Elle saute partout, grimpe à la première perche tendue, et continue de vouloir faire la course contre moi alors que je lui mets à chaque fois un boulevard humiliant. Ça la fait rire que je ne la laisse pas gagner. Que je laisse se creuser entre elle et moi les dizaines de mètres qu'il y a entre 5 et 25 ans. Je l'attends au bout du chemin, bras tendus vers elle et elle s'y vautre allègrement. Elle a les joues écarlates et un point de côté, je me demande si elle ne va pas vomir. Je l'ai tellement secouée que quand je la repose par terre elle est pliée en deux, de rire et de tournis. Quand elle tourne les talons, dans son petit manteau, on dirait une miniature animée. De là c'est une petite marionnette, mais il suffit qu'elle lance une de ses remarques cinglantes – « c’était la miiiisèèèèère » pour nous laisser mesurer à quel point elle est dotée d'esprit. 

Pour se dire au revoir, je mime un uppercut. Elle reste bras ballants à rêvasser à d'autres mondes au goût d’amande. Des mondes de tomate-tomate, des mondes de marmottes mutantes, de princesses aux longs cheveux, des mondes où elle doit encore être en train de gamberger sur la métaphore à propos des liens d'amour que j'ai essayé de lui expliquer toute à l'heure.

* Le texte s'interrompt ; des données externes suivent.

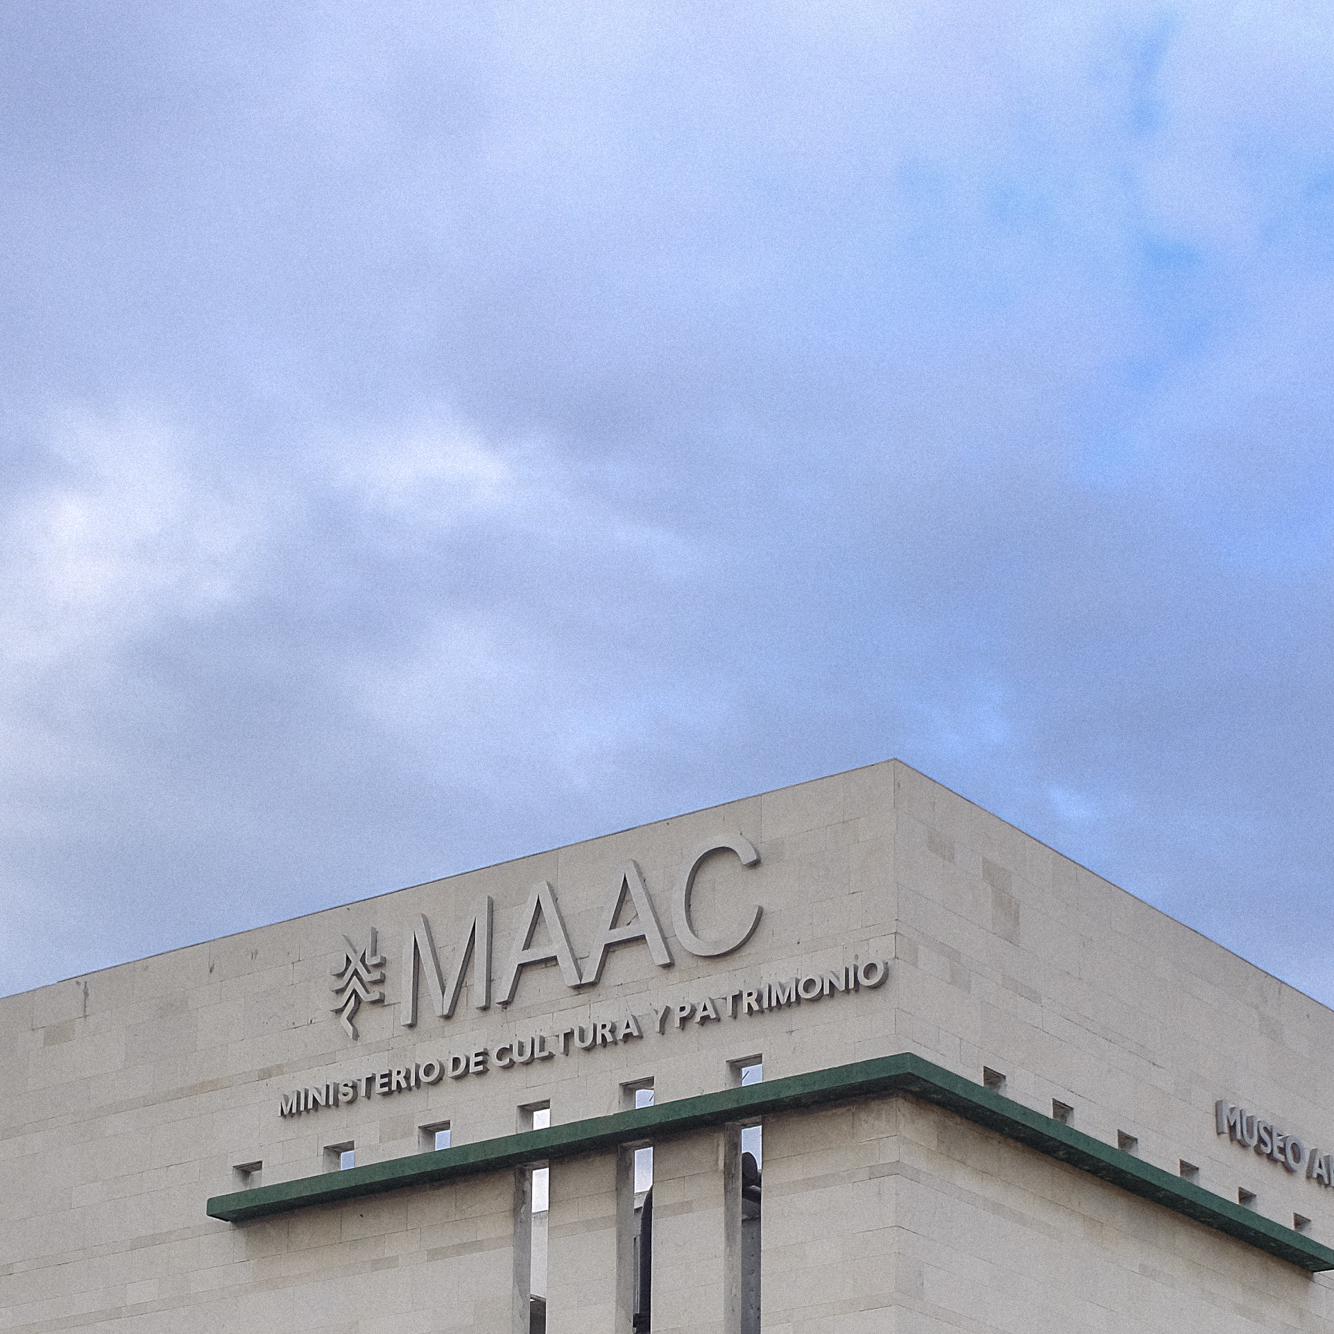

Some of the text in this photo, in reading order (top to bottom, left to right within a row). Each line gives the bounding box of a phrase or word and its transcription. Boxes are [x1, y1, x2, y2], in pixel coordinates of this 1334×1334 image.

[- Pourquoi ils sont attachés avec de la ficelle les gens là?
- Ca ma puce c'est une allégorie qui veut dire que l'amour peut créér une dépendance telle qu'elle est comparable à une ligature physique. C'est ce que représentent ces liens. Tu vois en gros, l'amour c'est comme faire ses lacets mais avec quelqu'un. Tu sais faire tes lacets non? Ben voilà.
Elle me regarde une seconde mi-interloquée, mi "tu te moques de moi", et explose de rire] 

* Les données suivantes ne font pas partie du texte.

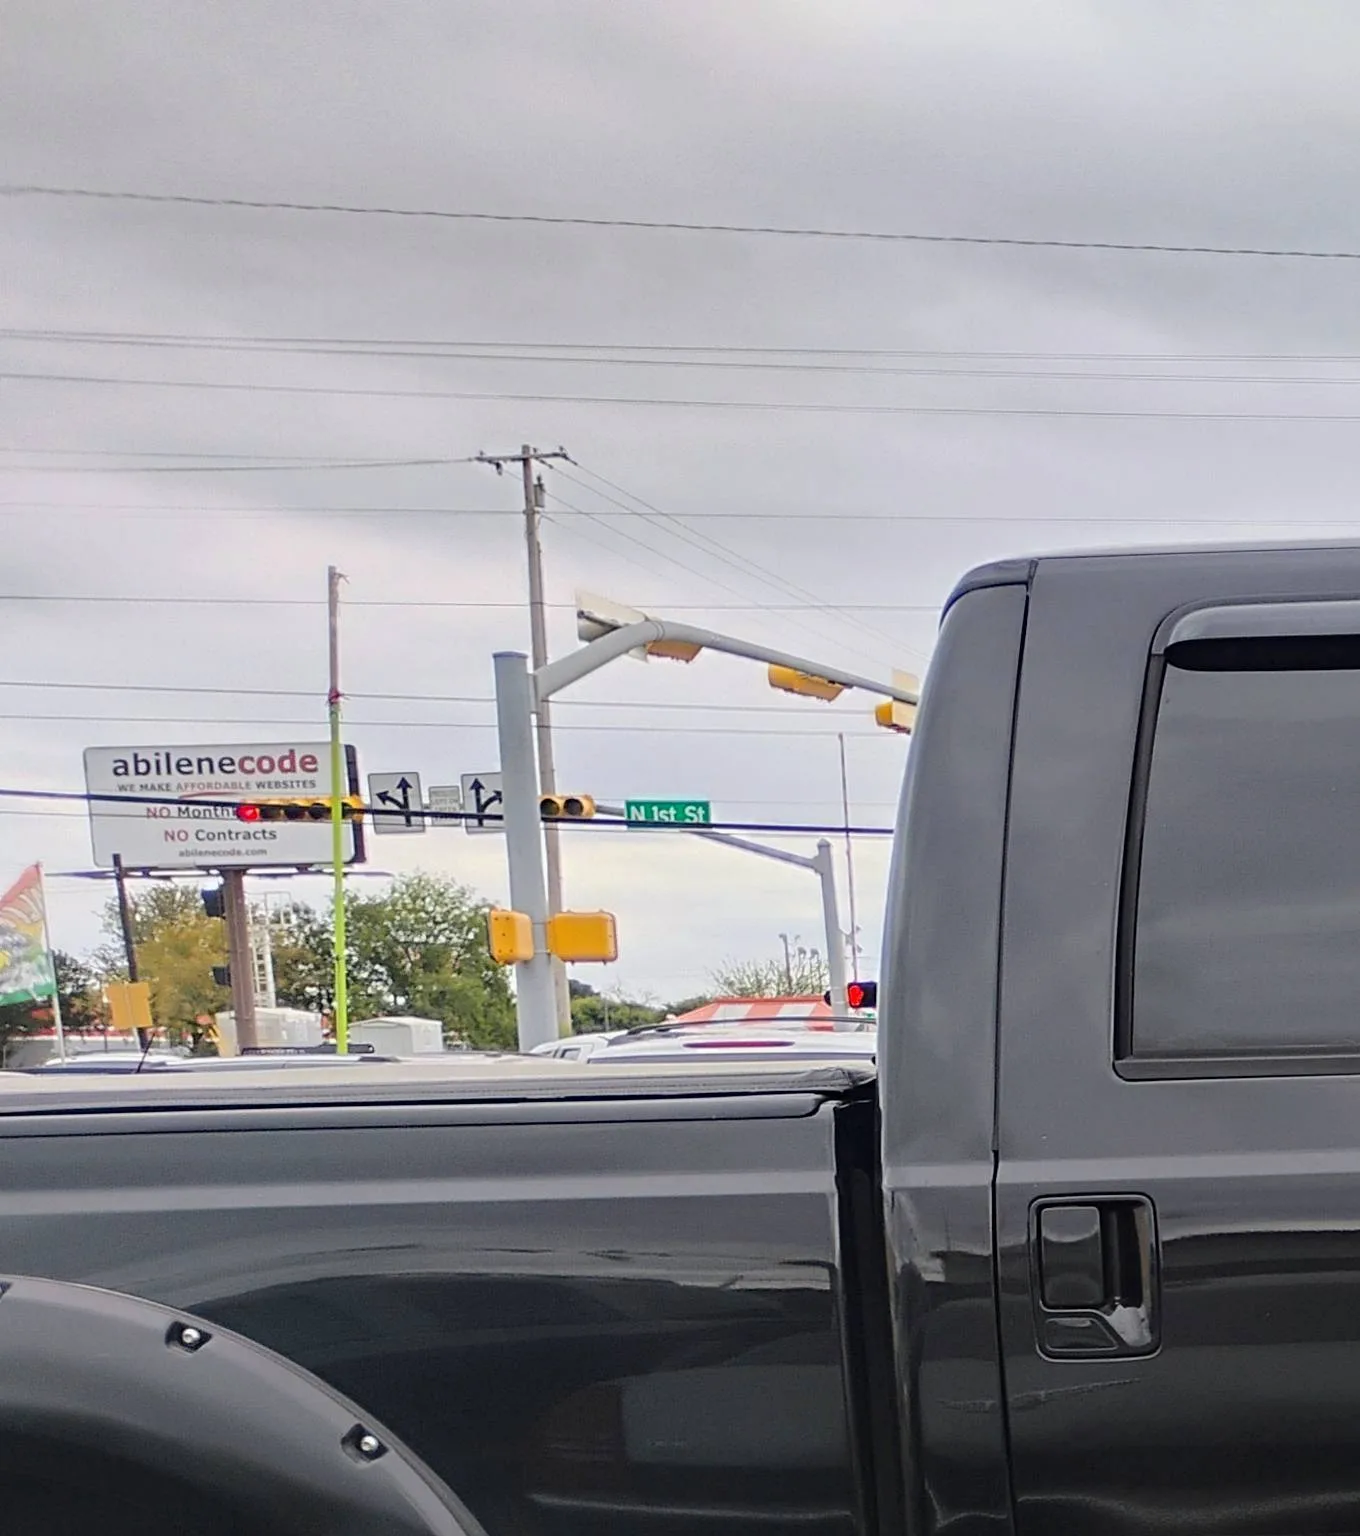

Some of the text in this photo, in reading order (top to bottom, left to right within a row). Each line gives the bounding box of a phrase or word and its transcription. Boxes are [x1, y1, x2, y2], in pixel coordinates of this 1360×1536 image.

[111, 749, 320, 777] abilenecode
[117, 779, 317, 793] WE MAKE AFFORDABLE WEBSITES
[146, 806, 236, 819] NO Month
[630, 805, 706, 823] N 1st St
[164, 827, 278, 843] NO Contracts
[178, 847, 268, 858] abilenecode.com

Quand elle se réveille de sa torpeur d'enfant (mais défends toi chiffe molle!), elle riposte en agitant vainement ses poings dans les airs, et vient se fracasser le coin de la mâchoire contre mon poing immobile. Même pas elle pleure, la plus courageuse des marmottes. Elle vient se réfugier dans mes bras. Elle passe autour de mon cou ses dix doigts qui dépassent tout juste des longues manches de son pull en laine.

Quand elle s’en va, la maison redevient calme et la migraine point.